[Data to process]

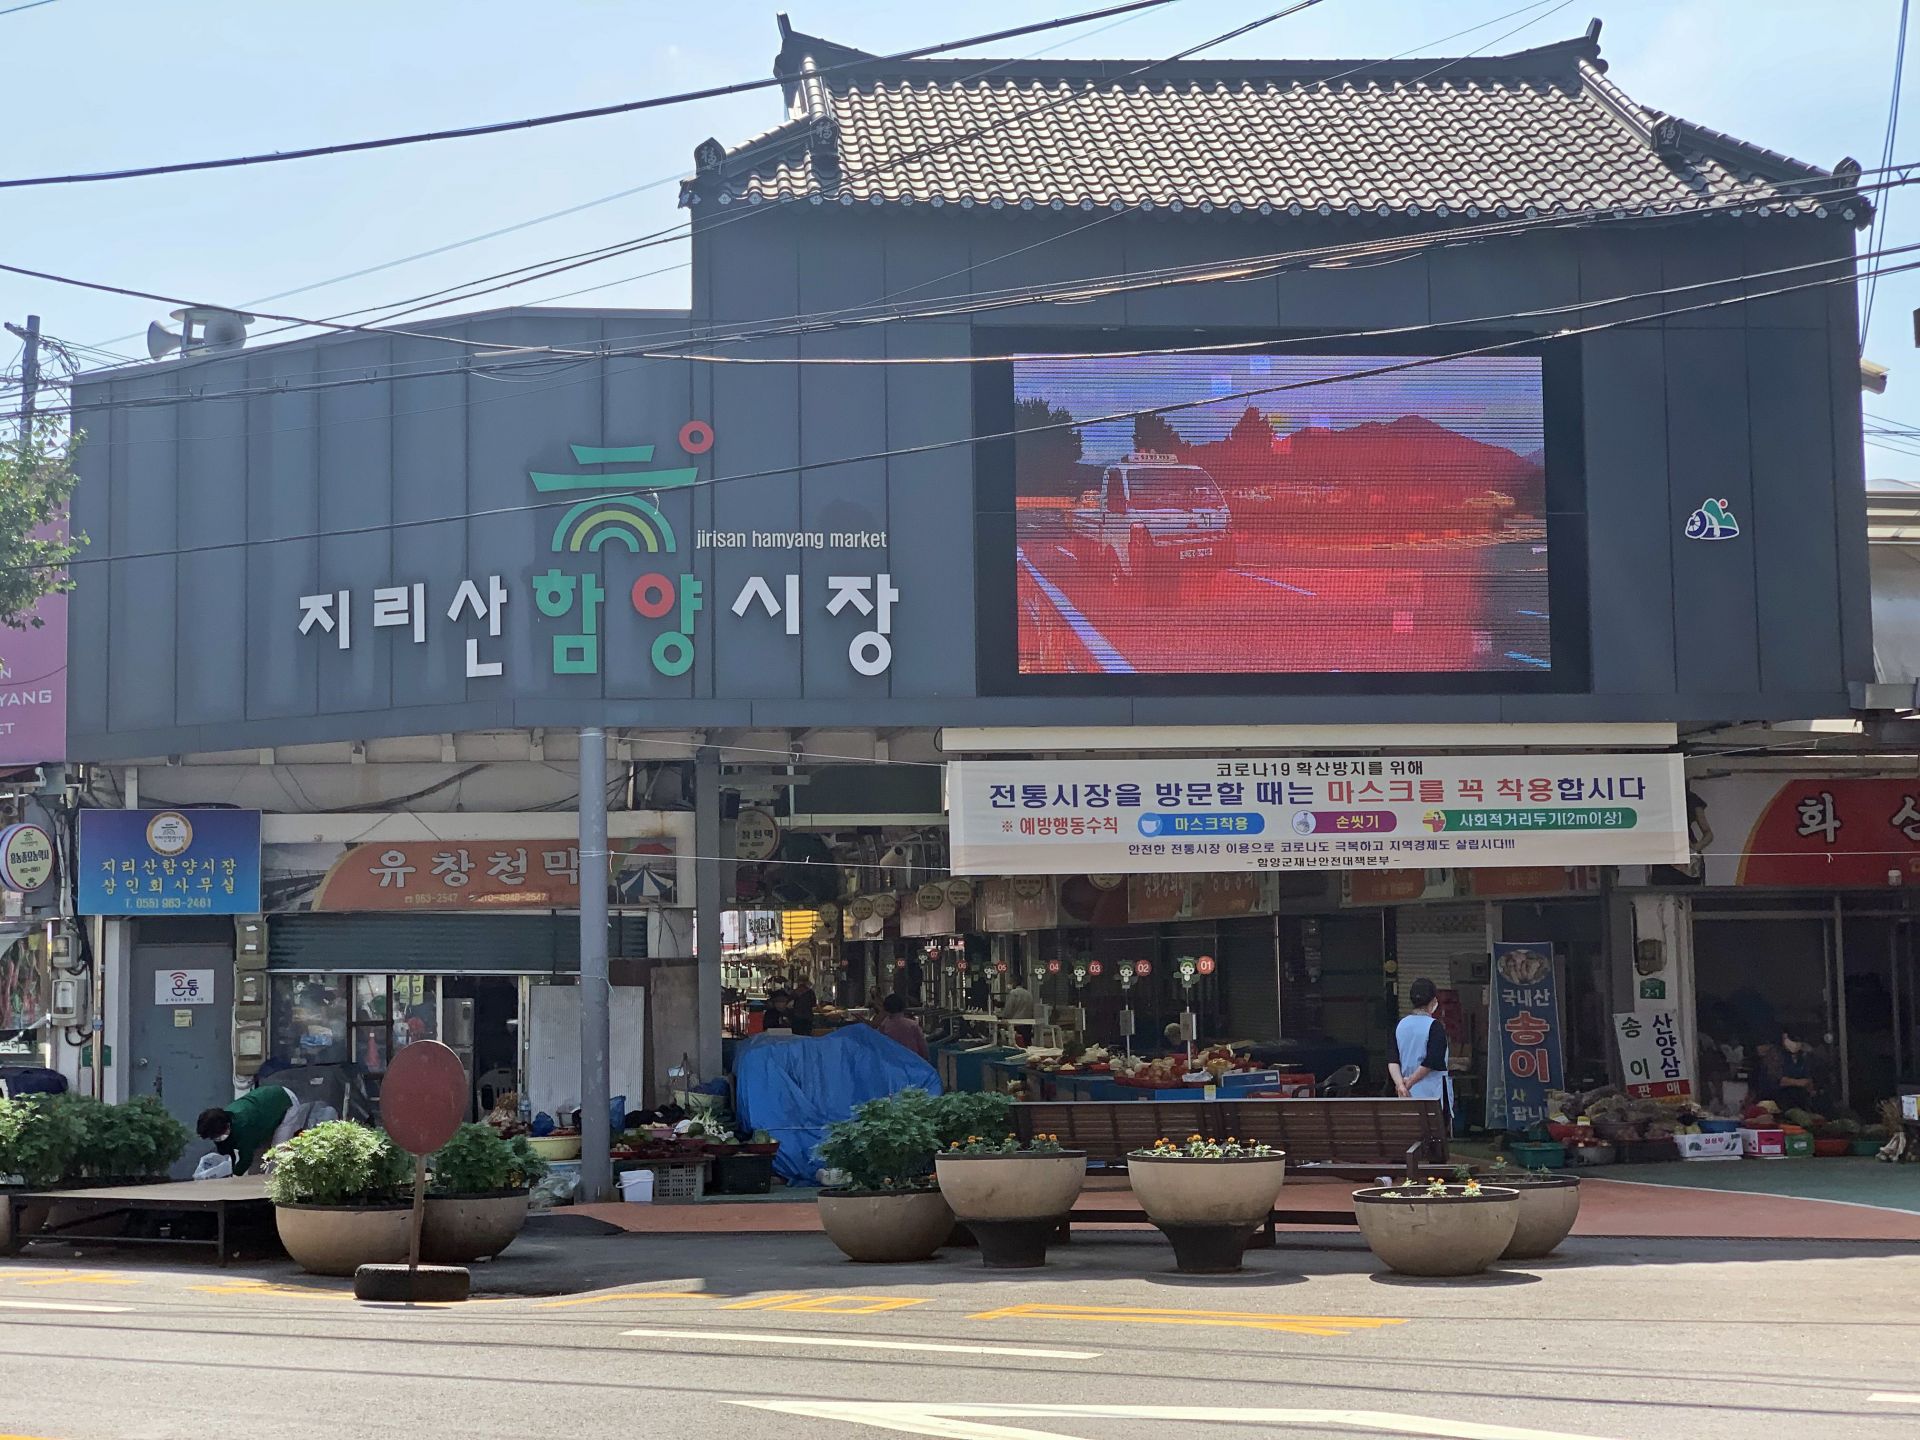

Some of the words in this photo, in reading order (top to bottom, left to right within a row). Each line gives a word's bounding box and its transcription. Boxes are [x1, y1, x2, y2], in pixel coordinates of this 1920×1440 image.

[696, 530, 746, 549] jirisan
[752, 530, 824, 549] hamyang
[829, 530, 887, 548] market
[1216, 763, 1290, 777] 코로나19
[1296, 761, 1383, 777] 확산방지를
[1390, 760, 1424, 776] 위해
[989, 783, 1142, 809] 전통시장을
[1156, 782, 1244, 808] 방문할
[1256, 781, 1313, 806] 때는
[1327, 779, 1445, 804] 마스크를
[1457, 778, 1484, 803] 꼭
[1496, 776, 1646, 803] 착용합시다
[1019, 816, 1119, 836] 예방행동수칙
[1175, 816, 1249, 832] 마스크착용
[1335, 814, 1380, 830] 손씻기
[1128, 844, 1165, 856] 안전한
[1171, 843, 1220, 856] 전통시장
[1226, 842, 1275, 854] 이용으로
[1280, 841, 1329, 853] 코로나도
[1335, 840, 1384, 852] 극복하고
[1389, 839, 1450, 851] 지역경제도
[1455, 838, 1516, 851] 살립시다!!!
[1502, 988, 1551, 1007] 국내산
[1645, 989, 1660, 997] 2-1
[1504, 1010, 1551, 1083] 송이
[1652, 1012, 1681, 1079] 산양삼

[/Data to process]

_Instructions to follow_
Nothing but the listing, copied exactly and stripped of its images, should appear in the response.

_Answer box_
Some of the words in this photo, in reading order (top to bottom, left to right within a row). Each line gives a word's bounding box and its transcription. Boxes are [x1, y1, x2, y2], in pixel coordinates of this 1920×1440 image.

[696, 530, 746, 549] jirisan
[752, 530, 824, 549] hamyang
[829, 530, 887, 548] market
[1216, 763, 1290, 777] 코로나19
[1296, 761, 1383, 777] 확산방지를
[1390, 760, 1424, 776] 위해
[989, 783, 1142, 809] 전통시장을
[1156, 782, 1244, 808] 방문할
[1256, 781, 1313, 806] 때는
[1327, 779, 1445, 804] 마스크를
[1457, 778, 1484, 803] 꼭
[1496, 776, 1646, 803] 착용합시다
[1019, 816, 1119, 836] 예방행동수칙
[1175, 816, 1249, 832] 마스크착용
[1335, 814, 1380, 830] 손씻기
[1128, 844, 1165, 856] 안전한
[1171, 843, 1220, 856] 전통시장
[1226, 842, 1275, 854] 이용으로
[1280, 841, 1329, 853] 코로나도
[1335, 840, 1384, 852] 극복하고
[1389, 839, 1450, 851] 지역경제도
[1455, 838, 1516, 851] 살립시다!!!
[1502, 988, 1551, 1007] 국내산
[1645, 989, 1660, 997] 2-1
[1504, 1010, 1551, 1083] 송이
[1652, 1012, 1681, 1079] 산양삼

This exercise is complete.